Depuis ce matin les enfants sont tout excités, nous avons emprunté la route pour le parc national de la péninsule de zapata et ses crocodiles. Nous trouvons que la ferme d'état ne paye pas de mine par rapport à celle pour touristes de l'autre côté de la route. Mais nous ne regretterons pas notre choix. Le gardien fort sympathique pose un crocodile dans la main de Mathis.

Il est fier et heureux à la différence de sa soeur qui paniquée jette en l'air ce pauvre reptile. Cette ferme élève deux sortes de crocodiles le rhombifer (cocodrilo) originaire de l'île et l'Acutus (caiman) que l'on trouve dans les zones tropicales d'Amérique. Le guide prend le temps de nous expliquer les différents stades de l'élevage. Avant la mise en place de ce programme en 1962 les 2 espèces frôlaient l'extinction. Aujourd'hui l'élevage fournit les crocodiles pour la réintroduction, pour la viande et pour la maroquinerie. 
Le parc est déclaré réserve de la biosphère de l'UNESCO depuis 2001. Cet écosystème marécageux abrite une faune et une flore très riche. L'éco-tourisme se développe au grand bonheur des ornithologues amateurs ravis de pouvoir observer des hérons, ibis, grues, faucons, colibris....mais pas sans l'inconvénient des nuées de moustiques. Ils vous poursuivront dans la lagune del tesoro mais aussi jusqu'à la baie des cochons tristement célèbre.

Pour l'instant nous avons rencontré peu de touristes à part quelques bus à Trinidad ou à Santa Clara, la ville du Che, la figure emblématique du pays. Nous les retrouvons tous à Varadero. Nous avons choisi la ville de Matanzas pour nous loger, mais si près de LA plage par excellence nous ne pouvons résister. Après avoir passé le péage (2$) où seul les cubains munis d'un pass peuvent entrer, nous nous allongeons sur une magnifique plage de sable blanc pas encore couverte de touriste, il est trop tôt (9H). Nous rentrerons chez Margerita et Roberto juste à temps pour le barbecue de poisson grillé. La route des plages de l'Est jalonnée comme les autres de panneaux de propagande, est plutôt tristounette avec ses dericks de pompage de pétrole ça et là.

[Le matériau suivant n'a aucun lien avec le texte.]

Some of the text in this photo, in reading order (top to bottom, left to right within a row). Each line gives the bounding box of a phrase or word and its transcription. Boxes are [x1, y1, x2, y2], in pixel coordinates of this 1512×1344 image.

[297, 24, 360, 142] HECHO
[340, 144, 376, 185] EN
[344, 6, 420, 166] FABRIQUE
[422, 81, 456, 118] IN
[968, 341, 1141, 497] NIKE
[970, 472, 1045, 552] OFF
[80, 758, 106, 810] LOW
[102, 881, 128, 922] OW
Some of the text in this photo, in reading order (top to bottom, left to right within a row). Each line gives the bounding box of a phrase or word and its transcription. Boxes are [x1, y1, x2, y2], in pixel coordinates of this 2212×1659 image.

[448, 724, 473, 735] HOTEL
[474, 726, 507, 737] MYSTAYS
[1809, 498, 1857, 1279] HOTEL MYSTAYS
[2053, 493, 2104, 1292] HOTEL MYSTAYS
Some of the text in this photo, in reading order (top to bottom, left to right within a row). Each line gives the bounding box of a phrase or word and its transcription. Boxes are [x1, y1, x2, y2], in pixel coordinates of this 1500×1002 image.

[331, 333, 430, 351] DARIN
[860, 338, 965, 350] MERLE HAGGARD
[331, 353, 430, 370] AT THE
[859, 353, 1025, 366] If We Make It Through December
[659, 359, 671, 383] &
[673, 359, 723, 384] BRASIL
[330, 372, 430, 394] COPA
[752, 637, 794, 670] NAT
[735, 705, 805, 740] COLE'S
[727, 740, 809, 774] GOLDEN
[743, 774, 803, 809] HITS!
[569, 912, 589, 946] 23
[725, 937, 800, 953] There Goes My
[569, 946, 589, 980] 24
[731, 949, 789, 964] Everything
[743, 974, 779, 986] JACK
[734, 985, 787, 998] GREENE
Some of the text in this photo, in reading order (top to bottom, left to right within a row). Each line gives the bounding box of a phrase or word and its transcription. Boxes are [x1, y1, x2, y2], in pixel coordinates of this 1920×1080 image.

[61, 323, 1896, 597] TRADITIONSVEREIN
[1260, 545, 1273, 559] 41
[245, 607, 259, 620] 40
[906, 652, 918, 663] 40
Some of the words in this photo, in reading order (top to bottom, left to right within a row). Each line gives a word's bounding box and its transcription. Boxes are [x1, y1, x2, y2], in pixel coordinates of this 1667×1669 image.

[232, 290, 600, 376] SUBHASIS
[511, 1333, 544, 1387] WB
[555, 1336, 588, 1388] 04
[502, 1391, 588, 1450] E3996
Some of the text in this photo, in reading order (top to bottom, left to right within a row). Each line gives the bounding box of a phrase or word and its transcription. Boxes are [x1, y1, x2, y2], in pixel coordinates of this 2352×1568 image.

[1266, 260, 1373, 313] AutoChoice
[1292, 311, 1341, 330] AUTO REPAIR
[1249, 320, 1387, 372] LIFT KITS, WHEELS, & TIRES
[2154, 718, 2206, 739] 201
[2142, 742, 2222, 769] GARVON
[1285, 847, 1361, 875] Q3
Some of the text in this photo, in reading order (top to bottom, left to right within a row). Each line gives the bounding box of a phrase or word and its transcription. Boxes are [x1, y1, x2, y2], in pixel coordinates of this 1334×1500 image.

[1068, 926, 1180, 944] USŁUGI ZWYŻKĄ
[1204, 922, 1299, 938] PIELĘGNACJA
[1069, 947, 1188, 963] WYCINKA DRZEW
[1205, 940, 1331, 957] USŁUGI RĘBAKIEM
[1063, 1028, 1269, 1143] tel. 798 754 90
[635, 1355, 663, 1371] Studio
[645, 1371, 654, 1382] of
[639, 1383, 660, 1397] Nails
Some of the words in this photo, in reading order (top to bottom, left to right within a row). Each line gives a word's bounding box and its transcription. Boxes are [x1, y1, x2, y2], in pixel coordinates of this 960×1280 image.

L'arrivée à la havane nous laisse perplexe, des immeubles presque en ruines, des maisons délabrées mais de jolies américaines et une vie bouillonnante..... Nous nous arrêtons 3 jours dans la ville qui fût l'ultime étape des navires espagnols sur la route des Indes avant leur retour en Europe. Depuis qu'elle est classé au patrimoine de l'UNESCO la ville fait peau neuve pour les touristes. Les façades sont ravalées, mais derrière il n'y a plus personne, les habitants vont s'entasser plus loin dans des immeubles délabrés. Le cœur de la Havane deviendrait-elle un décor de cinéma ?

La vie quotidienne des Havanais est difficile. Les jeunes arpentent les rues pour vendre des cigarettes à l'unité, des journaux, des fleurs. Des grand-mères posent pour des photos avec un cigare à la bouche et de grosses fleurs dans les cheveux. Les bâtiments écroulés qui ne sont pas reconstruits servent de place pour les joueurs de dominos.
Le célèbre Malecon est le lieu de rencontres par excellence. Les familles, les amoureux y déambulent, les musiciens jouent de la salsa comme de la cornemuse. Sur la place de la cathédrale le restaurant se met sur son 31 pour recevoir un mariage. Les fauteuils sont habillés de rose et de blanc, des fleurs s'étalent sur les tables quand une mariée arrive voile au vent dans une magnifique cadillac décapotable.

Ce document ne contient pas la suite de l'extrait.